Goering at the time of his second marriage was forty-two; his wife was the same age. The degree of influence she had over him was relatively small. By now he had a firm conception of himself as a shrewd man of affairs, and he enjoyed most of all displaying the geniality for which it pleased him to be famous. Like many men of the world he did not wish to be thought too clever; smartness, shrewdness, sharp-wittedness—all these qualities were good to have, but not mere cleverness, the trained intelligence that could be hired and then dismissed, put back on the shelf where it belonged, like a work of reference. Goering preferred to keep his wits about him while posing for himself and the world as the common man of genius, the self-made man who had come to the top through hard work, great determination and strength of purpose. Such men deserved the love and admiration of women. But Goering did not mix his marriage with his politics except to require his wife to be the charming hostess that she was by nature. She created for him the background of a home life to which he returned whenever he willed. With her he was always happy, and through her his love of the theater and the arts increased and gave him one more face which he might display to the world—that of the art collector. Collecting was soon to become an obsession.

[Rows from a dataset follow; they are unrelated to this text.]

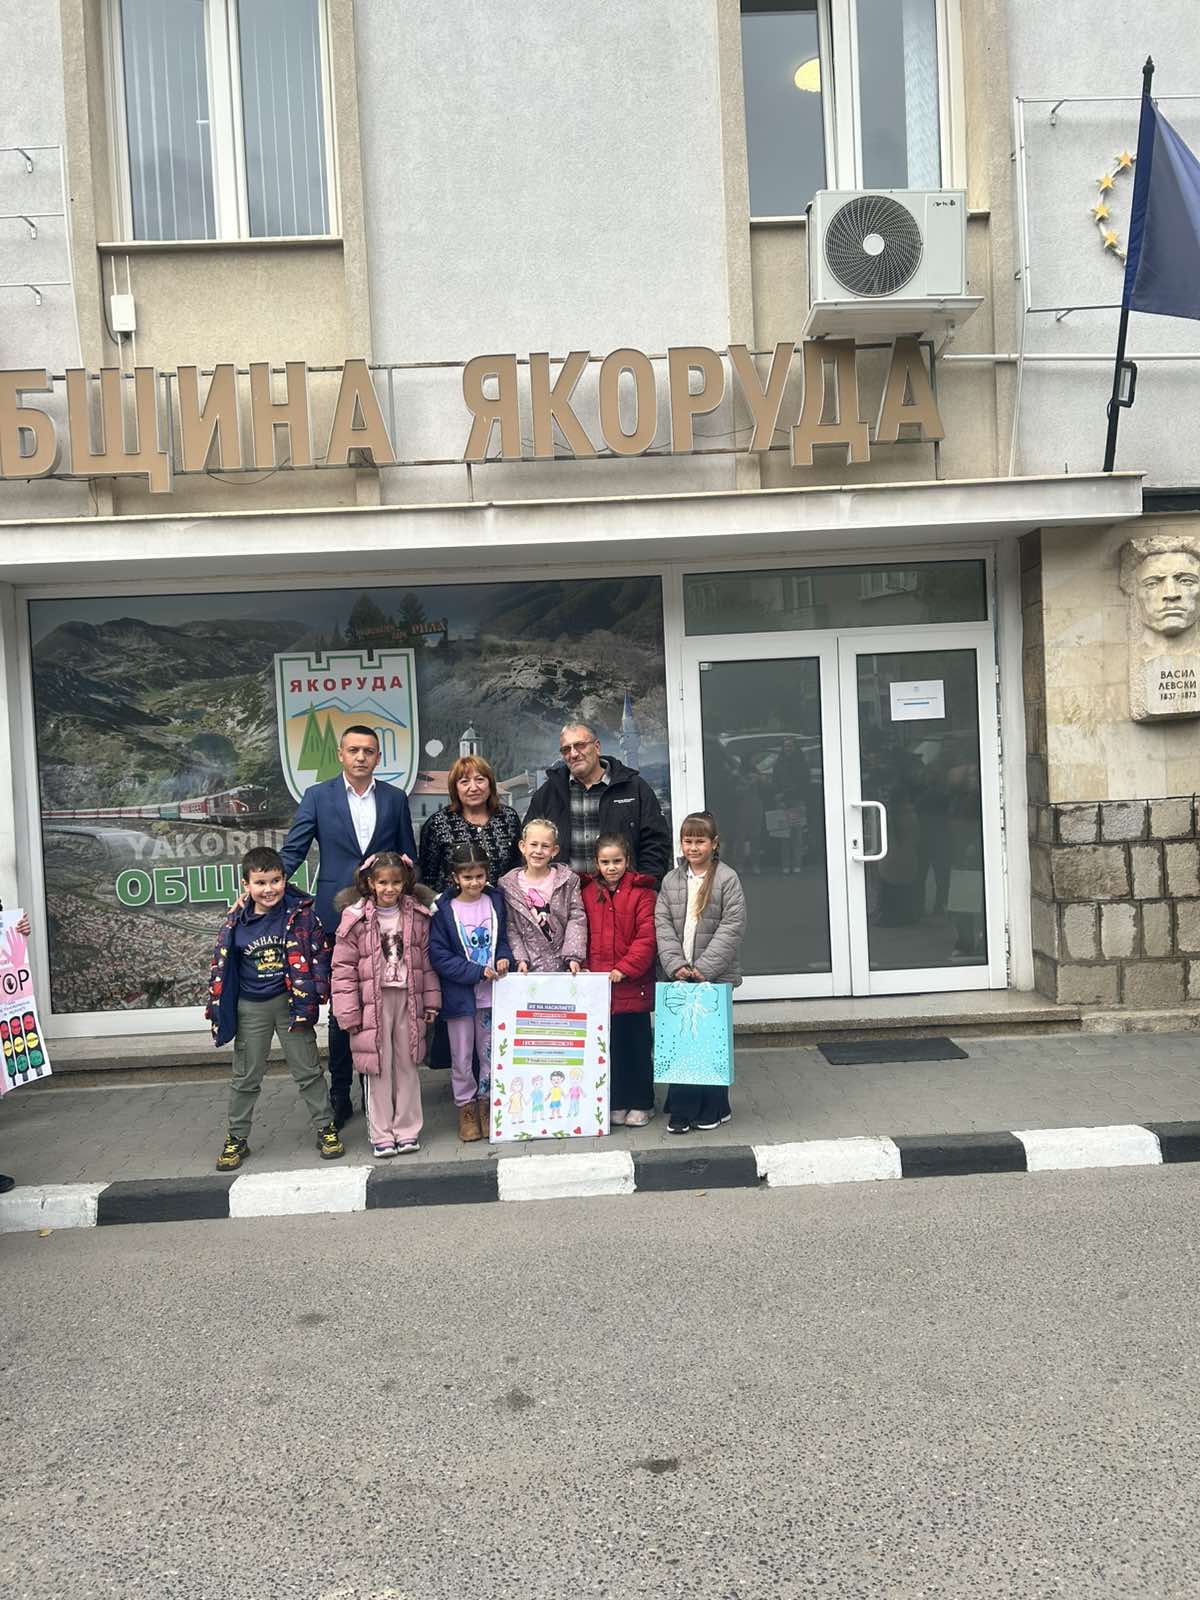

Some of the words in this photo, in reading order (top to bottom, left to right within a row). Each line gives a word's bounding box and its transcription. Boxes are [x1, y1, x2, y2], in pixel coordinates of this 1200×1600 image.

[0, 359, 397, 494] БЩИНА
[462, 337, 946, 466] ЯКОРУДА
[289, 675, 403, 693] ЯКОРУДА
[1158, 680, 1197, 690] ЛЕВСКИ
[1160, 669, 1195, 680] ВАСИЛ
[127, 828, 290, 860] YAKORU
[115, 860, 318, 908] ОБЩ
[243, 935, 286, 956] MANHAT
[0, 969, 30, 995] OP

From the social aspect of Goering’s nature developed the great balls, receptions, shooting parties and other entertainments that increased with the happiness of marriage and the need of the Nazi leaders to make themselves known, and if possible liked, by the representatives of the world outside Germany. Hitler, remote, introspective, idiosyncratic and subject to the lower depths of mood, untutored too in the manners of society, left such meetings as far as possible to his ministers, and most of all to Goering. Hitler had his own entourage to whom his monologues and his moodiness were no doubt exciting, since they were accepted as part of his particular genius. Goering never belonged to this more intimate circle that sat and listened into the long nights by the fireside. He was not, he could never be, the antisocial recluse that Hitler was inevitably to become. One by one, Hitler placed successive cloaks of public power across the broad shoulders of his “Paladin”: the control of the Air Force, the control of the economy, and the representation of his will in the world of diplomacy and industry. This was the life that Goering most enjoyed, moving from one interest to another before matters of detail began to pall, and using his talents as host and sportsman to further the aims of his master.

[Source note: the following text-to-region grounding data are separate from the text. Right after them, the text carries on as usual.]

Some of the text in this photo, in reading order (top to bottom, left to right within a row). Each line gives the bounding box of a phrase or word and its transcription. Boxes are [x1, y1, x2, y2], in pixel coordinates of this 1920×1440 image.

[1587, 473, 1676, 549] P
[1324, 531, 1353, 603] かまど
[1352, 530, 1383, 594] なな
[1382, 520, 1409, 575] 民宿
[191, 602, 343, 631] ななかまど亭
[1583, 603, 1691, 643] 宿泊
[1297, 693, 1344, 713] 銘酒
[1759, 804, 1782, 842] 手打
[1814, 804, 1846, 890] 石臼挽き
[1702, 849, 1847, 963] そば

Nothing excited the jealousy of the other Nazi leaders in public life more than Goering’s great entertainments, such as the annual Opera Ball which he orga
nized each January from 1936 on to celebrate his birthday, and which was continued well into the years of war. It was modeled on the magnificent imperial balls of past times, and those members of the royal family and the nobility who favored the Nazis came to add the splendor of their titles to the occasion. Tickets for the balls were expensive, and so were the food and drink. But the society of Berlin poured in to shake hands with the Minister President and his wife, and to dance the night through. The proceeds were intended for the Winter Relief work and the fund for the State theater. Soon the ministers began to vie with each other in the lavishness of their hospitality when state occasions demanded it; even Goebbels, normally critical of such extravagances, organized an all-night reception on the lake island of Wannsee when the Olympic Games were held in Germany in the summer of 1936, and Goering responded with a floodlit garden party held in the grounds of his palace in Berlin; actors and actresses danced in costumes of the eighteenth century, and Udet arranged a display of aerobatics. As the August weather was cold, electric heaters were placed among the hundreds of tables in the gardens.